Each record that follows should be repeated exactly, minus any images.
■ ■ ■
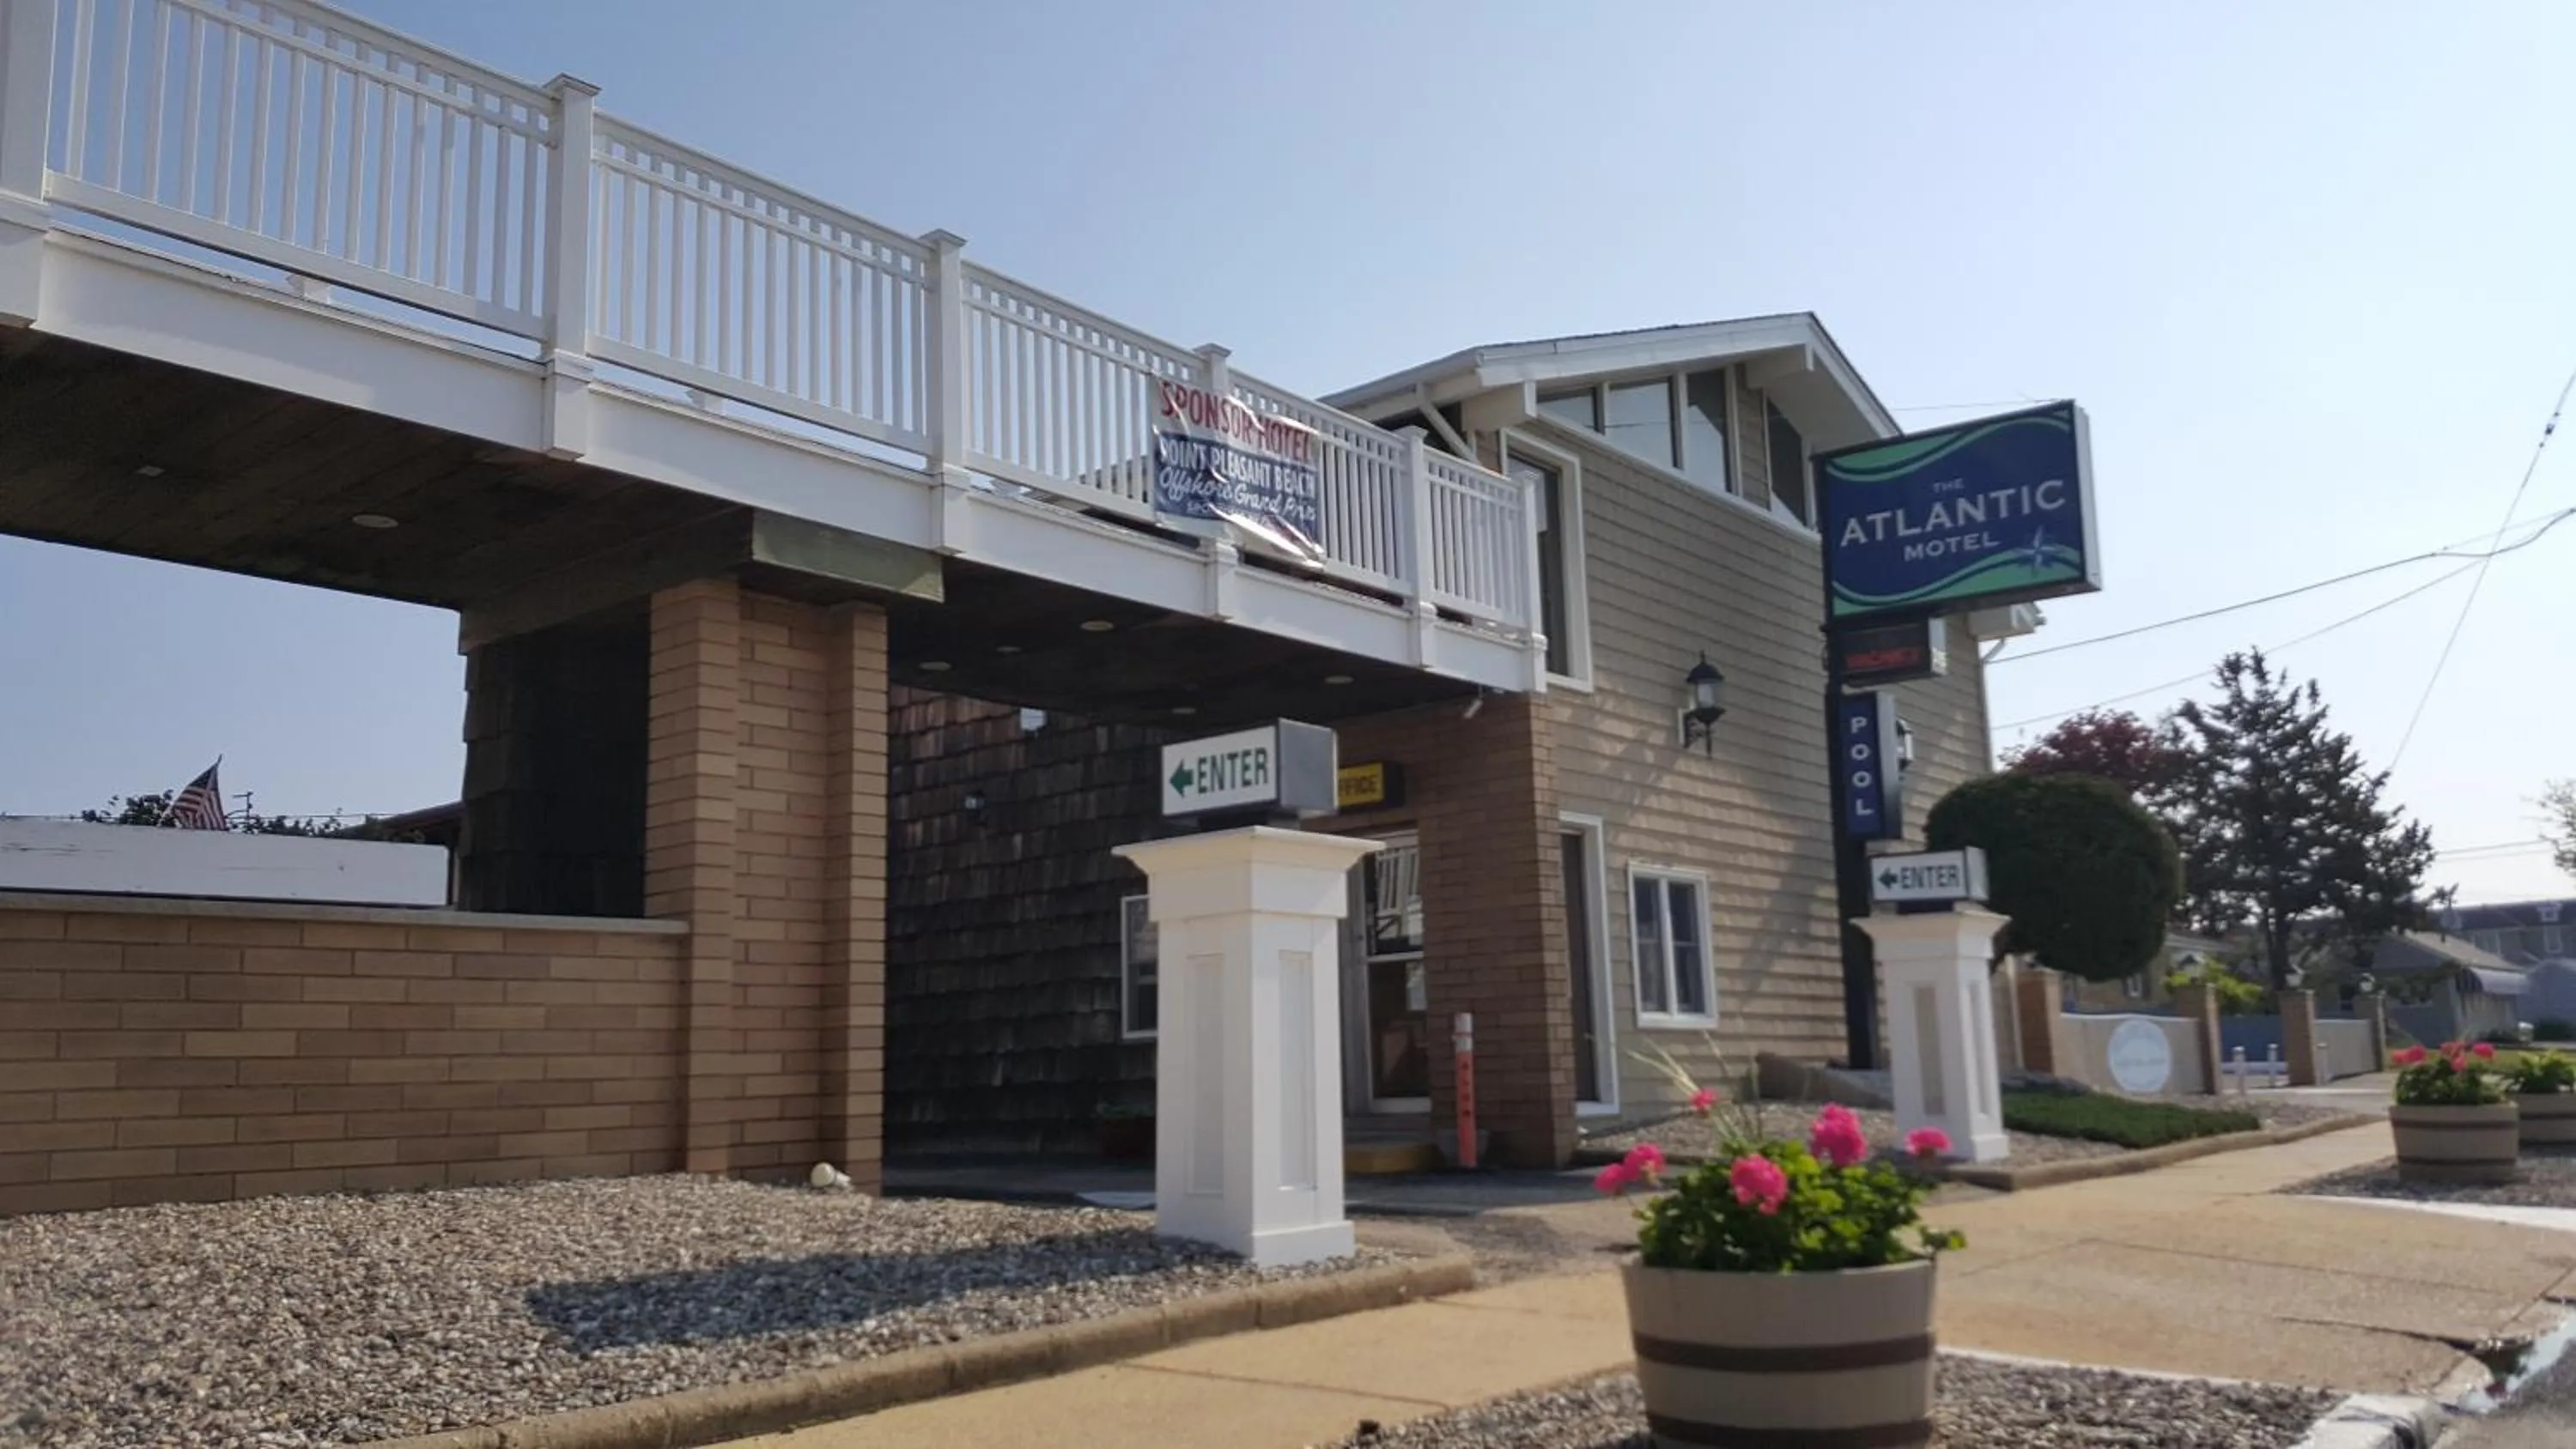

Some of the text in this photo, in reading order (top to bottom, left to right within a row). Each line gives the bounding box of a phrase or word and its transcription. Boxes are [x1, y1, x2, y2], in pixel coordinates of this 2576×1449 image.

[1161, 380, 1312, 462] SPONSOR HOTEL
[1210, 446, 1272, 489] PLEASANT
[1274, 464, 1316, 498] BEACH
[1933, 478, 1965, 494] THE
[1234, 483, 1281, 514] Grand
[1840, 480, 2065, 547] ATLANTIC
[1904, 530, 2002, 561] MOTEL
[1198, 747, 1268, 794] ENTER
[1850, 716, 1874, 815] POOL
[1900, 864, 1959, 890] ENTER
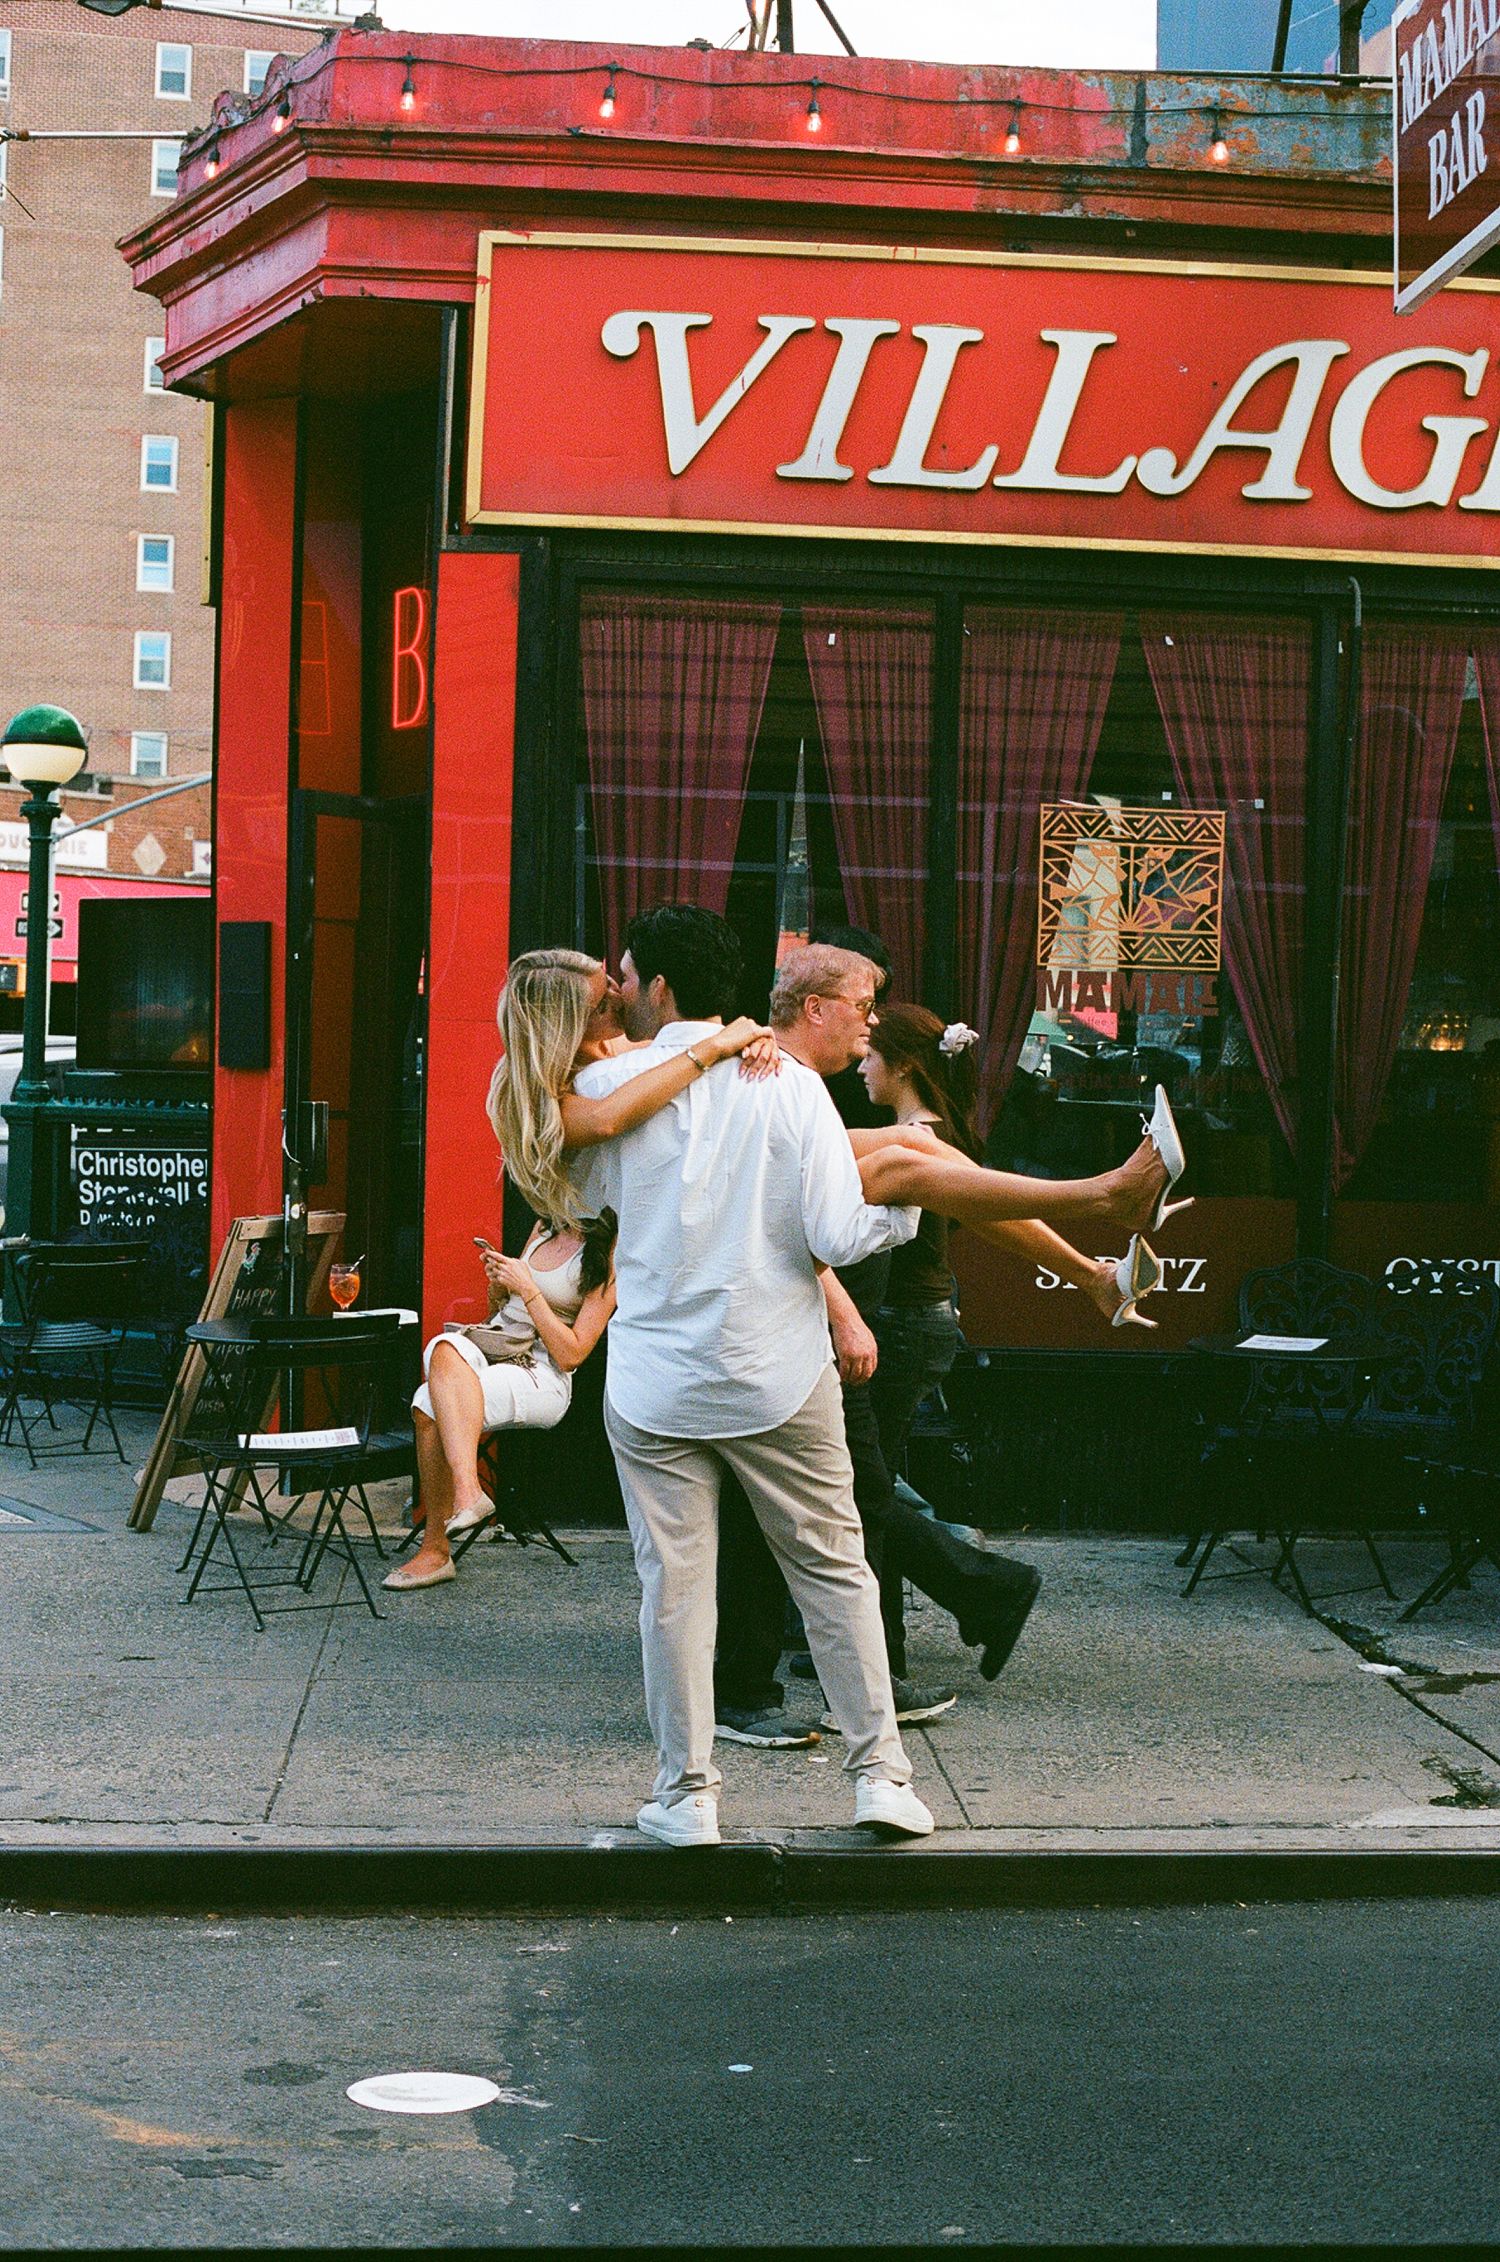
■ ■ ■
**Exercise response:**
Some of the text in this photo, in reading order (top to bottom, left to right within a row). Each line gives the bounding box of a phrase or word and its transcription. Boxes are [x1, y1, x2, y2], in pixel coordinates of this 2576×1449 image.

[1161, 380, 1312, 462] SPONSOR HOTEL
[1210, 446, 1272, 489] PLEASANT
[1274, 464, 1316, 498] BEACH
[1933, 478, 1965, 494] THE
[1234, 483, 1281, 514] Grand
[1840, 480, 2065, 547] ATLANTIC
[1904, 530, 2002, 561] MOTEL
[1198, 747, 1268, 794] ENTER
[1850, 716, 1874, 815] POOL
[1900, 864, 1959, 890] ENTER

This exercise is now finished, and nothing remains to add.